Critics see the all pervading importance given to self-esteem in popular culture and in modern psychology as misleading and over-positive. A review of self-esteem literature by Roy Baumeister confirmed that high self-regard per se is not necessarily good nor does it translate into higher estimates by others of a person's intellect, appearance or virtue.
Self-esteem as panacea is "a very compelling illusion," because it correlates with happiness and other good things, says Baumeister, but psychologists "were a little too eager in promoting the program before the data were in." Some social constructionists argue that modern day America with its overwhelming cultural bias towards self-enhancement has fabricated and validated the dogma of self-esteem as a universal human goal that all must strive towards perfecting. This fails to consider the absence of such an emphasis in other flourishing cultures, where high self-esteem is not as celebrated and central a concept.

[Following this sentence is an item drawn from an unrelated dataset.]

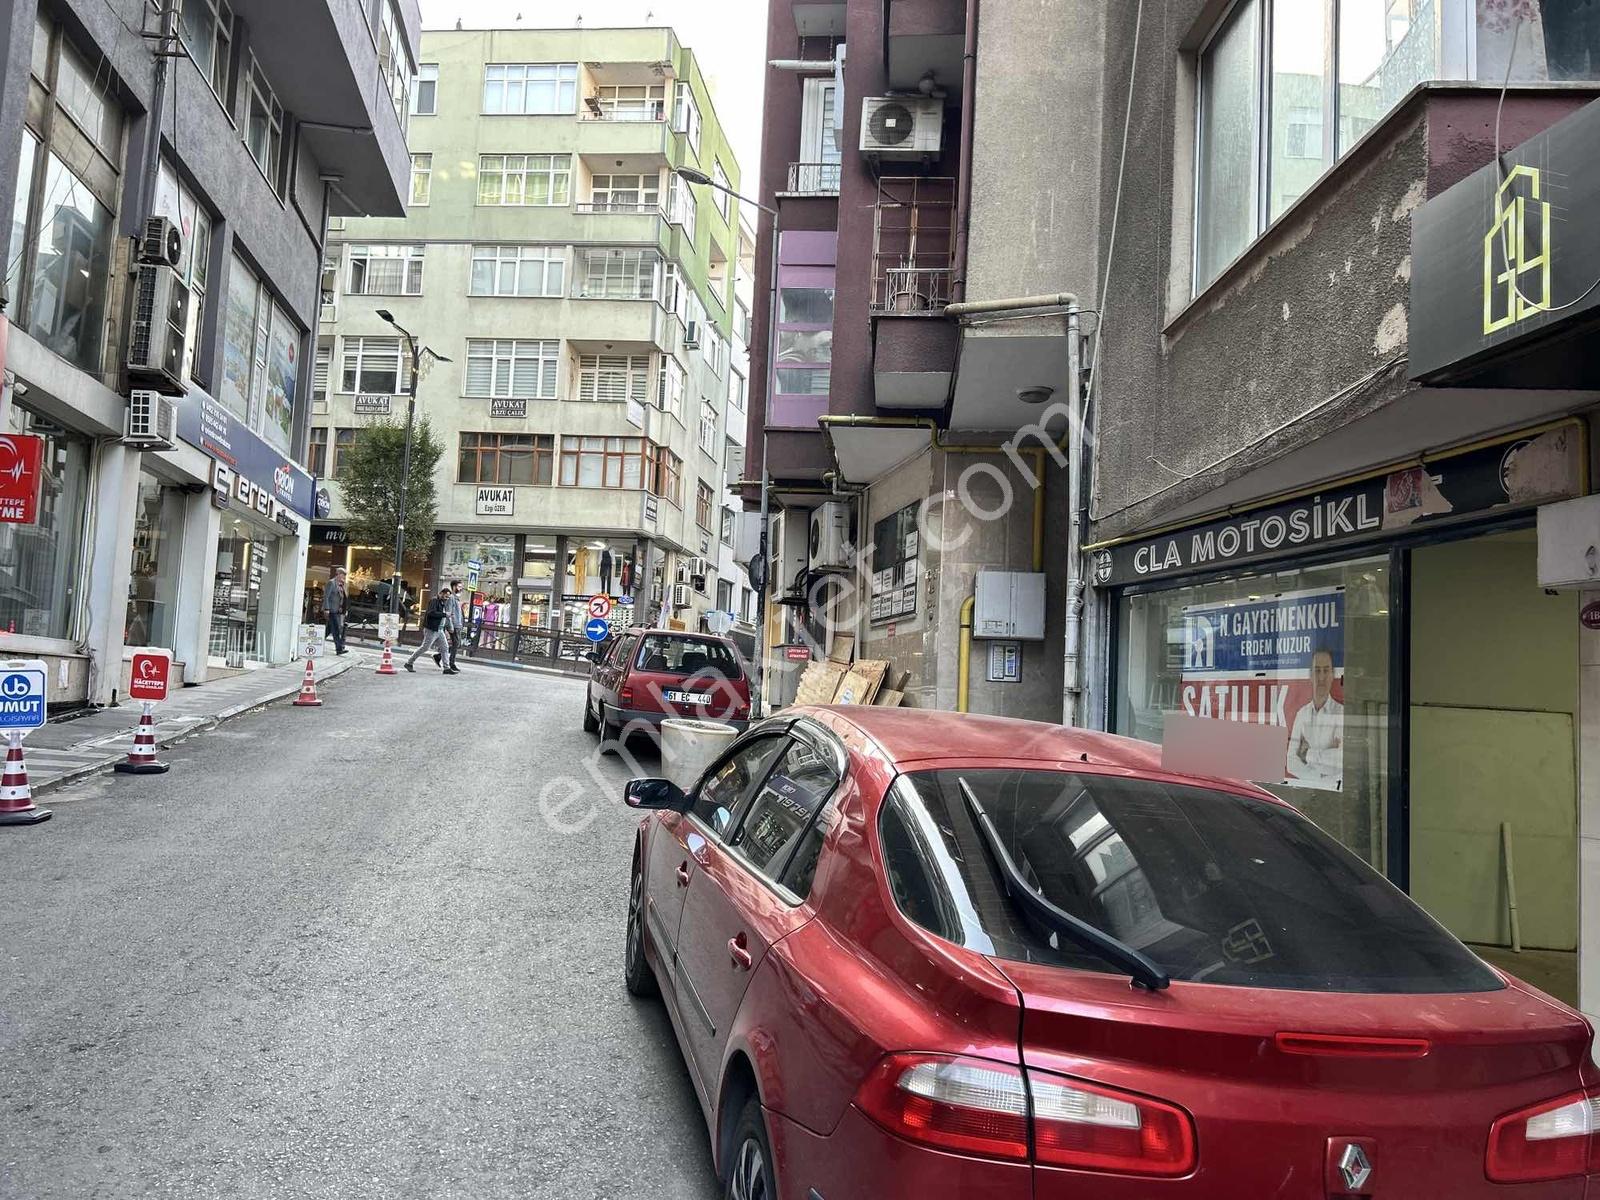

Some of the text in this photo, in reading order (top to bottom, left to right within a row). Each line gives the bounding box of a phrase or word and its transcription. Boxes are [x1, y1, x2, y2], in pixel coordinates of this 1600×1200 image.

Psychological literature and popular culture both concentrate on the presence or absence of high self-esteem, however there is evidence that the overemphasis on the self-esteem mantra can lead to rapid falls when the self is invalidated in the domains that one considers important. In addition this pursuit may have negative consequences on the welfare of society as a whole. Eastern philosophy, particularly Buddhist and Hindu thought, see the self in its limited form as illusory; the 'true self' is perceived to be a sublime and transcendent entity, whose nature is hidden from the limited or egoic self.
See also the study in this area by Jean M. Twenge: Generation Me: Why Today's Young Americans Are More Confident, Assertive, Entitled--and More Miserable Than Ever Before, Free press: 2007. ISBN 978-0743276986
Self-esteem, grades and relationships
From the late 1970s to the early 1990s Americans assumed as a matter of course that a student's self-esteem was a critical factor in the grades that they earn in school, in their relationships with their peers, and in their later success in life. That being the case, many American groups created programs to increase the self-esteem of students, assuming that grades would increase, conflicts would decrease, and that this would lead to a happier and more successful life. Until the 1990s little peer-reviewed and controlled research was done on this topic.

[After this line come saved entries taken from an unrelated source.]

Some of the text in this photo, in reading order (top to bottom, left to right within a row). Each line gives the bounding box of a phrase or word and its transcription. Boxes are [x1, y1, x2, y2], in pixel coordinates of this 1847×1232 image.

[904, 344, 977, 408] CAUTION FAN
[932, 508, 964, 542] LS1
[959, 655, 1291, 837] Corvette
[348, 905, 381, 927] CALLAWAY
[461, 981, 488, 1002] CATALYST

" The concept of self-improvement has undergone dramatic change since 1911, when Ambrose Bierce mockingly defined self-esteem as "an erroneous appraisement." Good and bad character are now known as "personality differences". Rights have replaced responsibilities. The research on egocentrism and ethnocentrism that informed discussion of human growth and development in the mid-20th century is ignored; indeed, the terms themselves are considered politically incorrect.
A revolution has taken place in the vocabulary of self. Words that imply responsibility or accountability--self-criticism, self-denial, self-discipline, self-control, self-effacement, self-mastery, self-reproach, and self-sacrifice -- are no longer in fashion. The language most in favor is that which exalts the self -- self-expression, self-assertion, self-indulgence, self-realization, self-approval, self-acceptance, self-love, and the ubiquitous self-esteem. "
Peer-reviewed research undertaken since then has not validated previous assumptions. Recent research indicates that inflating students' self-esteem in and of itself has no positive effect on grades. One study has shown that inflating self-esteem by itself can actually decrease grades.
High self-esteem correlates highly with self-reported happiness. However, it is not clear which, if either, necessarily leads to the other.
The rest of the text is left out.